Des perspectives qui nous manquent cruellement en ces temps maudits, pour reprendre les mots de Jack London.

Des temps maudits de recul d’un mouvement social offensif et créatif. Condition sine qua non pour redonner du sens à notre action syndicale et peser sur le rapport de force.

En ces “temps maudits”…

En ces temps, notre temps, où la colère sociale existe (les lambeaux de la chemise des DRH d’Air France en sont la preuve…).

En ces temps, où les attaques contre nos conquêtes sociales se multiplient : Pacte de responsabilité, Loi Macron, casse du Code du travail, accord PPCR, remise en cause du statut des fonctionnaires, Loi Rebsabem, enjeux autour des salaires, du chômage et de l’austérité.

Oui, des attaques qui ont comme dénominateur commun, un gouvernement Hollande aux ordres du Medef. Un même Hollande qui en 2012 promettait, avec un faux ton enjoué à la Jaurès, de s’en prendre à la Finance et qui le lendemain, se revendiquait comme étant un social-démocrate (non dans le sens du XIX éme, qui visait à désigner une classe ouvrière, mais dans sa reconnaissance de l’économie de marché).

Un gouvernement Hollande, qui multiplie des réformes dont le seul bénéficiaire est le patronat. Des réformes qu’un gouvernement de droite n’aurait jamais pu fantasmer, ni pu appliquer sans une contestation syndicale d’envergure…

Une histoire vieille, celle des promesses non tenues par un gouvernement de Gauche ! Une histoire qui bégaie hélas tant les exemples sont nombreux !

Et pour n’en détacher que quelques uns : rappelons-nous de l’action du Ministère Gayssot, sous le gouvernement de la « Gauche plurielle » de Jospin, à la fin des années 90. Au Ministère des Transports, le zélé « camarade-ministre », ex- leader syndical du Rail, avait laissé une trace indélébile dans sa contribution à la casse du statut des cheminots et la privatisation d’Air France.

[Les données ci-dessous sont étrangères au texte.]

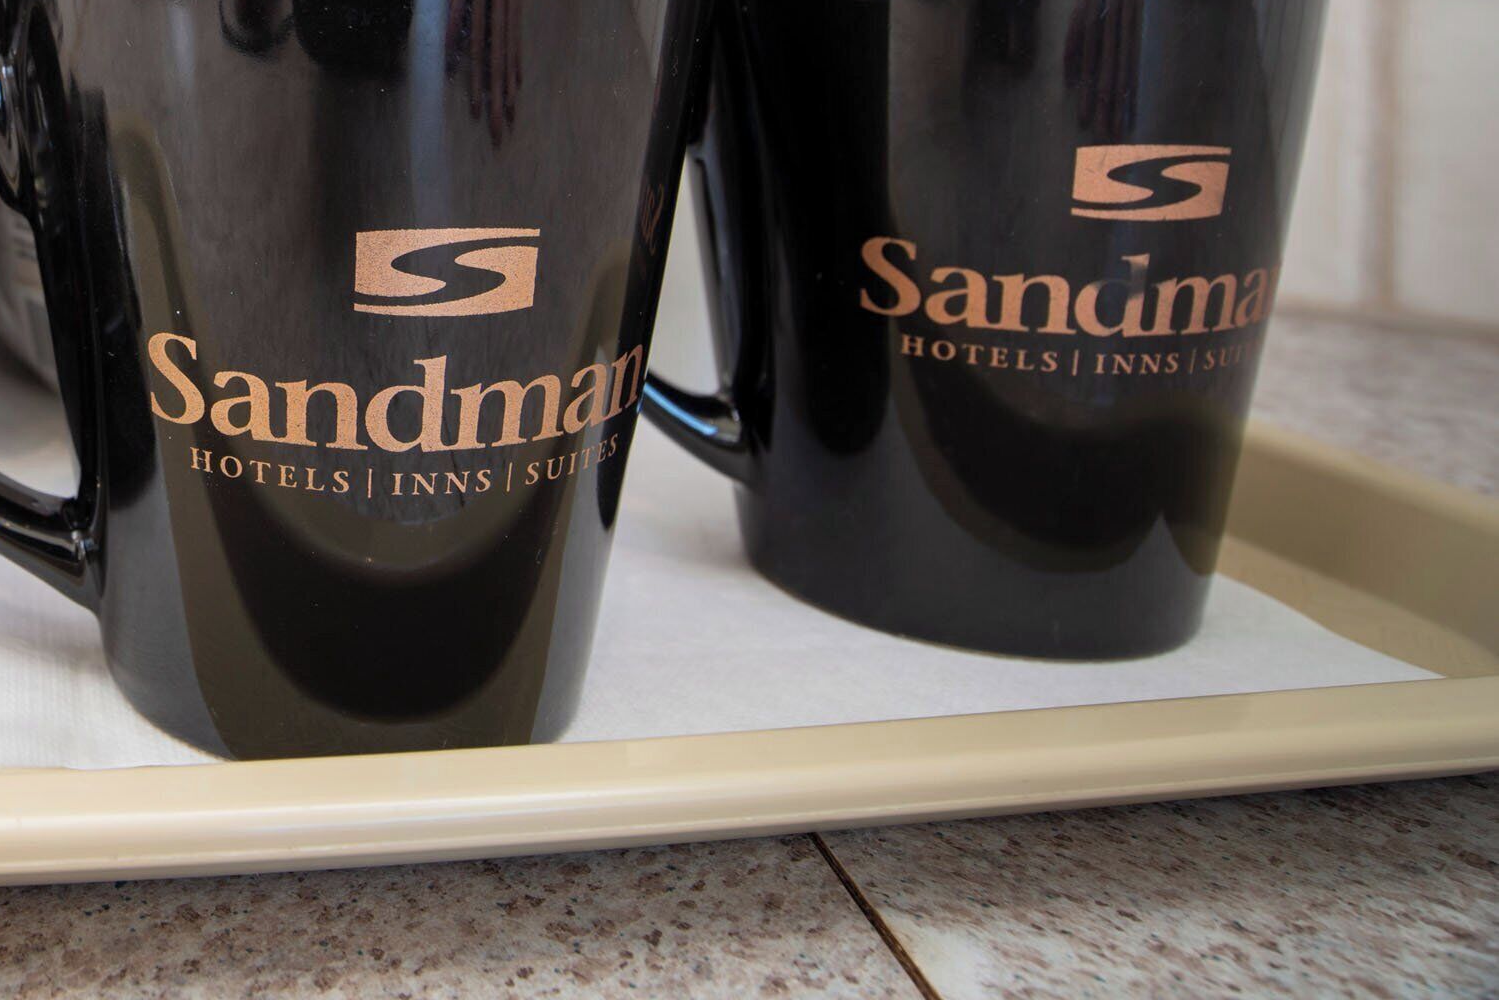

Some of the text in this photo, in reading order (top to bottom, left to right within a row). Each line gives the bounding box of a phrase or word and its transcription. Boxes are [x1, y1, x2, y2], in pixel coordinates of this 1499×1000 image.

En retraçant plus loin – tant les trahisons et/ou les fausses promesses furent nombreuses -, nous ne pouvons que nous souvenir de quelques épisodes pris, parmi d’autres  : l’invention de la précarité sous le Ministère Fabius avec ses TUC, la séparation des PTT en La Poste et France Télécom ou encore les attaques contre la Sécurité sociale en imposant la CSG etc.

En ces temps, où les salarié-e-s, les chômeurs et chômeuses, la jeunesse se retrouvent dans une impasse qui leur fait oublier, à tous et à toutes, que c’est dans l’action collective et la convergence des luttes que l’on gagne, que l’on retrouve la dignité : celle d’imposer de grands choix collectifs de vie ; celle de refuser ceux du CAC 40 et de l’impasse de la politique institutionnelle.

En ces temps, de perte de confiance dans des alternatives de rupture avec la loi des Patrons et des possédants, qui a pour conséquence corrélative et meurtrière : une extrême droite qui monte en flèche.

En ces temps, encore, de répression de classe, où la chasse est ouverte aux syndicalistes (en 2010, suite à des actions pendant le mouvement des retraites, cinq militants de la CGT Alès sont condamnés, dont deux d’entre eux à des peines de prison avec sursis, Fouad Harjane de la CNT Metz condamné à 40 000 euros d’amende par la SNCF, Yann Lemerrer de SUD PTT 92 licencié de La Poste pour ne prendre, une fois de plus, que des exemples parmi d’autres). Une chasse et une criminalisation des militant-e-s qui prend, d’autant plus un sens lourd et grave, dans ce contexte de recul des luttes. Comme s’il s’agissait de réduire au silence les derniers foyers déterminés de la résistance sociale.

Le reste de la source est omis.